■ **PROBLEM TO WORK ON**:
Output the data below exactly.

[Stored records]
○ ○ ○
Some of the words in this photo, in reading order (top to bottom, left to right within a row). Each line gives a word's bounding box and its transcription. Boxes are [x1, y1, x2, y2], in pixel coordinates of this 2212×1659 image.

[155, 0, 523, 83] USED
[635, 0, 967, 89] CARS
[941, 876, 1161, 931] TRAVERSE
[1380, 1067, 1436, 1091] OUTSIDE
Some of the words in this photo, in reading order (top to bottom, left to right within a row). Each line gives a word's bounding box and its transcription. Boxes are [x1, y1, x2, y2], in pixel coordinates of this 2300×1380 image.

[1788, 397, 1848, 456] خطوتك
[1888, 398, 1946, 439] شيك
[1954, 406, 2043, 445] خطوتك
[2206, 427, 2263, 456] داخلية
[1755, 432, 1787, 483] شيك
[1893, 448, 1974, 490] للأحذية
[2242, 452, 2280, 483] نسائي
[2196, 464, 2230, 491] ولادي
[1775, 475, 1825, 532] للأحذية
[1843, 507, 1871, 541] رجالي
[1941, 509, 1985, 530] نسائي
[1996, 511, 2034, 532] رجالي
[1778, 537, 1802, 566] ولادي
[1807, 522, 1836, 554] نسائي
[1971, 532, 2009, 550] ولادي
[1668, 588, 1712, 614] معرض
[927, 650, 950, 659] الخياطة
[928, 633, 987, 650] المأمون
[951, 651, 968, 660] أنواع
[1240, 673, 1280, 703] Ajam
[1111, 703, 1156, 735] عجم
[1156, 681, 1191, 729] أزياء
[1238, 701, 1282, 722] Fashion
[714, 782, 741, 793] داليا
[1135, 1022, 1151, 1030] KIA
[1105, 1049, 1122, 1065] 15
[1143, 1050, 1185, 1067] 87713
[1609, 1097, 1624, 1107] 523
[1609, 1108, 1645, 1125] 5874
○ ○ ○
■ **ANSWER TO THIS PROBLEM**:
Some of the words in this photo, in reading order (top to bottom, left to right within a row). Each line gives a word's bounding box and its transcription. Boxes are [x1, y1, x2, y2], in pixel coordinates of this 2212×1659 image.

[155, 0, 523, 83] USED
[635, 0, 967, 89] CARS
[941, 876, 1161, 931] TRAVERSE
[1380, 1067, 1436, 1091] OUTSIDE
Some of the words in this photo, in reading order (top to bottom, left to right within a row). Each line gives a word's bounding box and its transcription. Boxes are [x1, y1, x2, y2], in pixel coordinates of this 2300×1380 image.

[1788, 397, 1848, 456] خطوتك
[1888, 398, 1946, 439] شيك
[1954, 406, 2043, 445] خطوتك
[2206, 427, 2263, 456] داخلية
[1755, 432, 1787, 483] شيك
[1893, 448, 1974, 490] للأحذية
[2242, 452, 2280, 483] نسائي
[2196, 464, 2230, 491] ولادي
[1775, 475, 1825, 532] للأحذية
[1843, 507, 1871, 541] رجالي
[1941, 509, 1985, 530] نسائي
[1996, 511, 2034, 532] رجالي
[1778, 537, 1802, 566] ولادي
[1807, 522, 1836, 554] نسائي
[1971, 532, 2009, 550] ولادي
[1668, 588, 1712, 614] معرض
[927, 650, 950, 659] الخياطة
[928, 633, 987, 650] المأمون
[951, 651, 968, 660] أنواع
[1240, 673, 1280, 703] Ajam
[1111, 703, 1156, 735] عجم
[1156, 681, 1191, 729] أزياء
[1238, 701, 1282, 722] Fashion
[714, 782, 741, 793] داليا
[1135, 1022, 1151, 1030] KIA
[1105, 1049, 1122, 1065] 15
[1143, 1050, 1185, 1067] 87713
[1609, 1097, 1624, 1107] 523
[1609, 1108, 1645, 1125] 5874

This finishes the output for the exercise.